Dans Le Décor

Ludivine Ribeiro « Petite, je voulais devenir sainte »

L’écrivaine indo-suisse sort son deuxième roman, Ma mère en toutes choses. après avoir nourri son imaginaire en inde et au liban, elle est revenue à genève, est devenue journaliste, puis autrice. rencontre dans une maison secrète en bordure d’une forêt.

Lorsque je la rencontre, je m’attends à la petite fille plutôt qu’à la femme, que l’on aurait envie de prendre entre ses bras pour la consoler de son deuil. C’est parce que j’arrive avec, dans le cœur, les mots de son dernier roman, Ma mère en toutes choses. Ces choses quotidiennes qui rappellent à l’auteure sa chère disparue, un fouet orange, des recettes de cuisine, reproduites à l’identique, des robes confectionnées par la mère pour l’enfant, puis l’adulte, malgré l’arthrose qui, les dernières années, ankylosait ses doigts. Sa mère en tous lieux aussi, l’Italie, et Venise, surtout, où elles se rendaient à chaque fois qu’elles le pouvaient. Sa mère dans sa chair encore, quelques kilos en plus, comme pour être entourée par celle qui n’est plus là. Et sa mère au ciel. Ses messages que Ludivine Ribeiro sait percevoir. « Nous avions un attachement très fort, particulier. J’ai perdu un frère et une sœur ; ma mère, deux enfants. À la suite de ces deuils, nous nous sommes imbriquées l’une dans l’autre, pour nous soutenir mutuellement, il fallait absolument que nous restions vivantes l’une pour l’autre. » Ludivine Ribeiro, trop consciente que donner la vie, c’est donner la mort, a choisi de ne pas avoir d’enfants.
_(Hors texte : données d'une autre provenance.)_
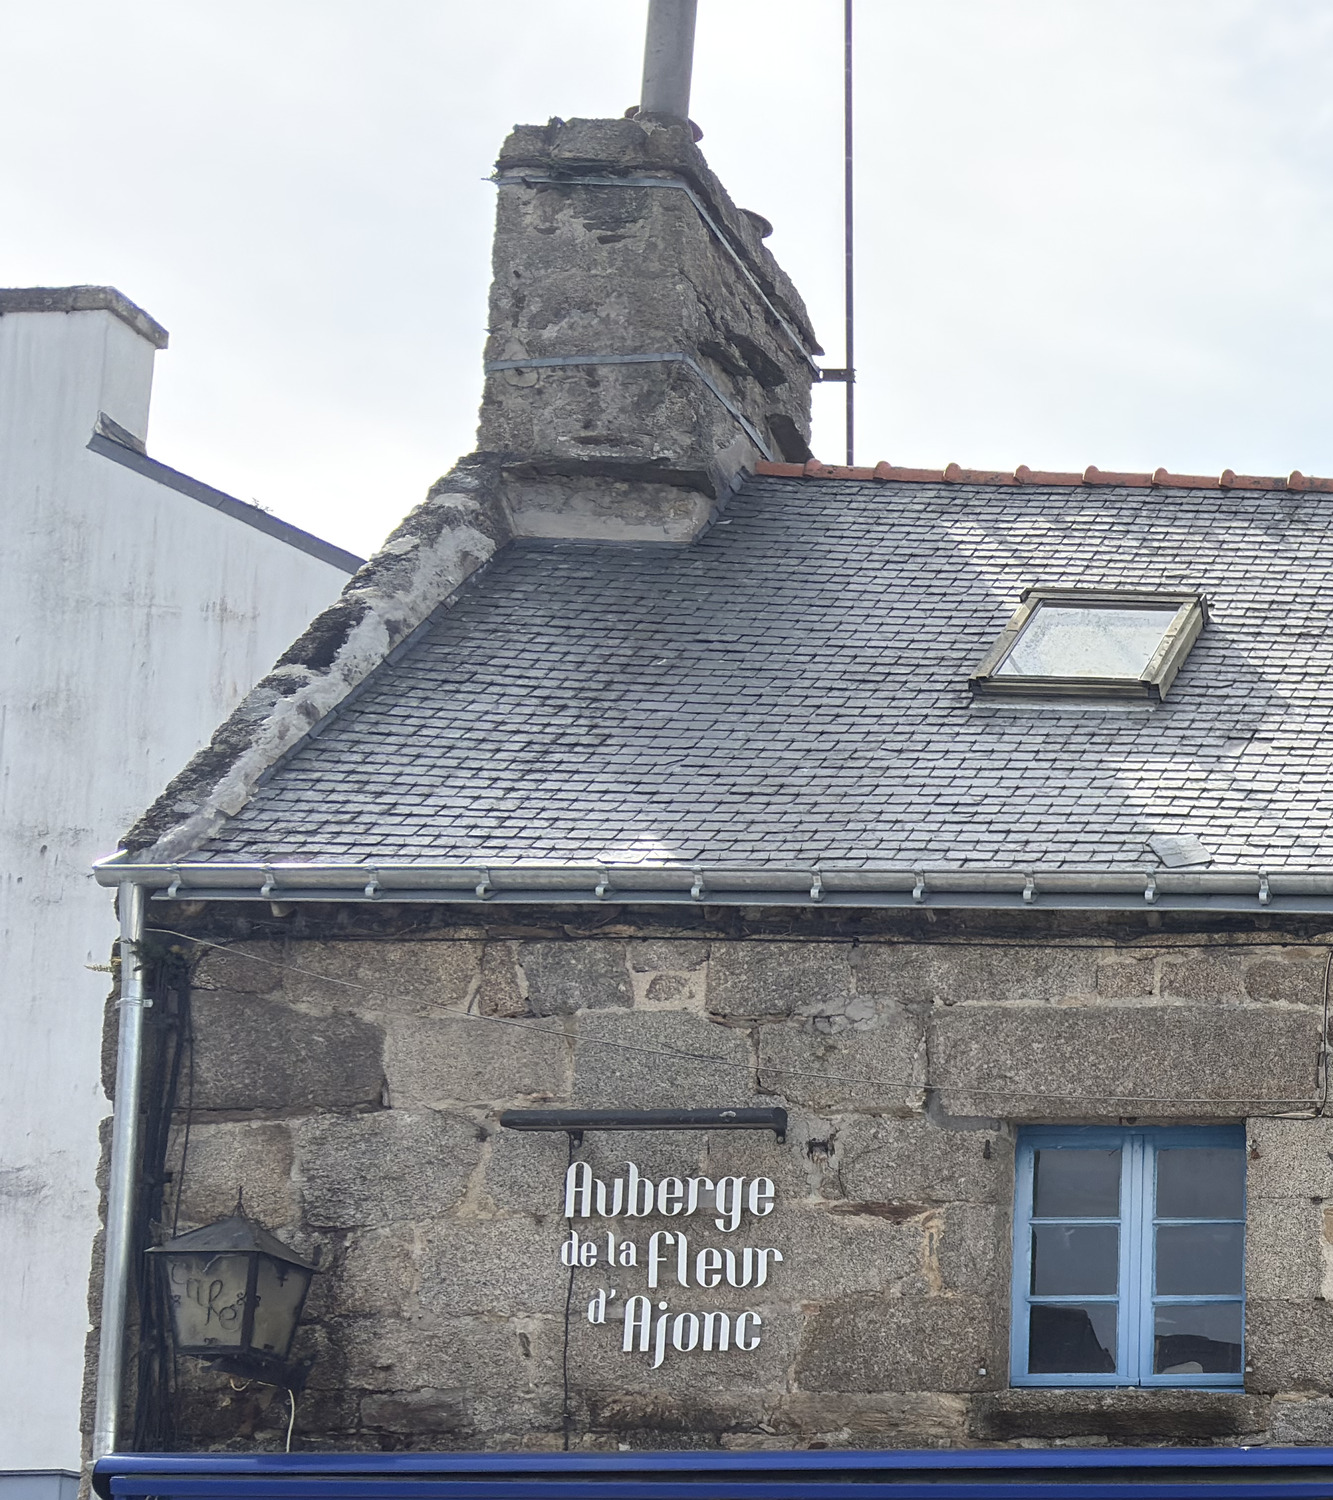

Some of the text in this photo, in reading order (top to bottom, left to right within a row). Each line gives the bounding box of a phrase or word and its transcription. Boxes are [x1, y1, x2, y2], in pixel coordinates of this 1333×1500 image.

[564, 1161, 776, 1233] Auberge
[560, 1230, 597, 1268] de
[606, 1231, 638, 1267] la
Elle me reçoit en femme, enracinée, heureuse de sa prochaine aventure livresque, et de tout ce qu’il y a de romanesque dans sa vie. Elle se raconte sous la pergola qu’elle a dessinée et fait construire pour offrir un toit à sa terrasse. Autour, tout est beau, le jardin, le seringat sur lequel s’appuie une sculpture de sirène devenue dryade, la terrasse que le toit rend plus chaleureuse, la maison et ses multiples petites pièces. C’est élégant, baroque, sobre, mais habité. Des murs peints en vert de Vérone ou tilleul, des tissus indiens, des fauteuils vintages et de la vaisselle ancienne, ou encore des Ganesh fréquentant des madones dans une surprenante harmonie. Les objets disent leur propriétaire, autant que les mots choisis dans son dernier roman disent sa mère. « Je me sens un peu de nulle part», confie-t-elle alors que je la trouve un peu de partout. «En Inde, on ne me considère pas comme Indienne, en Suisse, pas comme Suissesse, en Allemagne, encore moins.» Et au Liban, où elle a vécu avec son père diplomate et sa famille ? « Pas vraiment comme une Libanaise non plus. Il n’y a qu’en Italie qu’on me prend pour une Italienne ». Comme quoi, les patries de cœur valent bien celles de sang.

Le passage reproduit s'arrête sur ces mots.